En cas d’invasion en Ukraine, peut-on imaginer la Chine – grand allié de la Russie  déclencher un autre potentiel point de conflit de son côté ? 

En relations internationales, il existe une notion très importante : le précédent. Le droit international se fonde sur ce que l’on appelle le droit coutumier. N’importe quel précédent peut avoir un impact sur une autre situation. On peut donc faire des analogies – qui ne sont que des analogies. La situation en Crimée et la situation de Taïwan ne sont pas les mêmes. La Crimée n’était pas une île autonome comme peut l’être Taïwan, avec un gouvernement propre, par exemple.
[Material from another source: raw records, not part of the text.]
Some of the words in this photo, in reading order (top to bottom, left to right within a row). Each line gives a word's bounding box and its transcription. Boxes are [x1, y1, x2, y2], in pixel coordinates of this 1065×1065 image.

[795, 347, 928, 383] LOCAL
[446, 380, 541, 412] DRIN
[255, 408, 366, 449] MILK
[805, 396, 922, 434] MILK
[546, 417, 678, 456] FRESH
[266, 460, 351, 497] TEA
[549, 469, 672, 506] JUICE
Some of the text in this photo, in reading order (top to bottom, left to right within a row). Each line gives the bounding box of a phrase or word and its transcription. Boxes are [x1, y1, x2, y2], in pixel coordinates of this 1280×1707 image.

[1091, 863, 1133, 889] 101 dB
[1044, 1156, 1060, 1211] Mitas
Nous n’avons pas une situation homologue, on peut la considérer comme analogue, avec l’usage d’une intervention comme étant un moyen de faire valoir son bon droit. De ce point de vue-là, les Chinois peuvent avoir intérêt à soutenir Moscou afin de pouvoir avancer dans la défense de leurs propres intérêts. 
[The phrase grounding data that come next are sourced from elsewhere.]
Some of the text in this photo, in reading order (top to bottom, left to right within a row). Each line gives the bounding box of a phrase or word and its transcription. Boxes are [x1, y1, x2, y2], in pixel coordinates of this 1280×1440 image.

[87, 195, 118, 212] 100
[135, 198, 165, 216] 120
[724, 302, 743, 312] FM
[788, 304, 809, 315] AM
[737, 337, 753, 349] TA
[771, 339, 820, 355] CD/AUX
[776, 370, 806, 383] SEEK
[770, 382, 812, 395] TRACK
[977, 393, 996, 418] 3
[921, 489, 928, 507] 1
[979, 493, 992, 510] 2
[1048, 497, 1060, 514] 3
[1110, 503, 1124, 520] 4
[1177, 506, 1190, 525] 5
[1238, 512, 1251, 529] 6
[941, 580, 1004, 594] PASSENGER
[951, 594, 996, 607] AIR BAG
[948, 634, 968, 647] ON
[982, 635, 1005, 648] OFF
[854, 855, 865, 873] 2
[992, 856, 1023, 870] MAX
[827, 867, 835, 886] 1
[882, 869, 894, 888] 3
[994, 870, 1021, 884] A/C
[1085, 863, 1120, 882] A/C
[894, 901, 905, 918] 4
Samedi, le fait qu’un sous-marin américain a apparemment été éconduit des îles Kouriles – qui sont elles-mêmes l’objet d’une dispute entre le Japon et la Russie depuis la Seconde Guerre mondiale – montre que la montée des tensions peut conduire, de l’autre côté du continent eurasiatique, à un engrenage vers d’autres tensions. On ne parle pas, là, de Troisième Guerre mondiale, avec la création de fronts conventionnels, parce qu’on reste dans des situations où les grands blocs essayent de s’éviter. C’est la manière dont on fait beaucoup la guerre aujourd’hui et on s’aperçoit qu’il y a des montées de tensions avec des risques d’accrochages. 

On ne parle pas de Troisième Guerre mondiale, mais dans quel genre de climat se trouve-t-on ? Un climat de guerre froide ? 

Certains experts pensent à l’idée d’une Troisième Guerre mondiale. Mais si l’on parlait de cela, il faudrait le considérer dans la guerre contemporaine, c’est-à-dire pas avec des fronts « classiques ». Nous sommes dans une situation où il y a un réalignement de puissances autoritaires, la Russie et la Chine, qui se trouvent en situation de pouvoir mettre l’Occident face à un défi afin de redessiner l’ordre international qui est fondé sur la démocratie, les droits de l’homme, l’État de droit, et de pouvoir contester cela non seulement dans leurs ordres internes, mais aussi dans différentes zones de la planète où ils ont des intérêts. Ils ont bien l’intention de casser ce qui serait un monopole occidental, et c’est déjà en cours.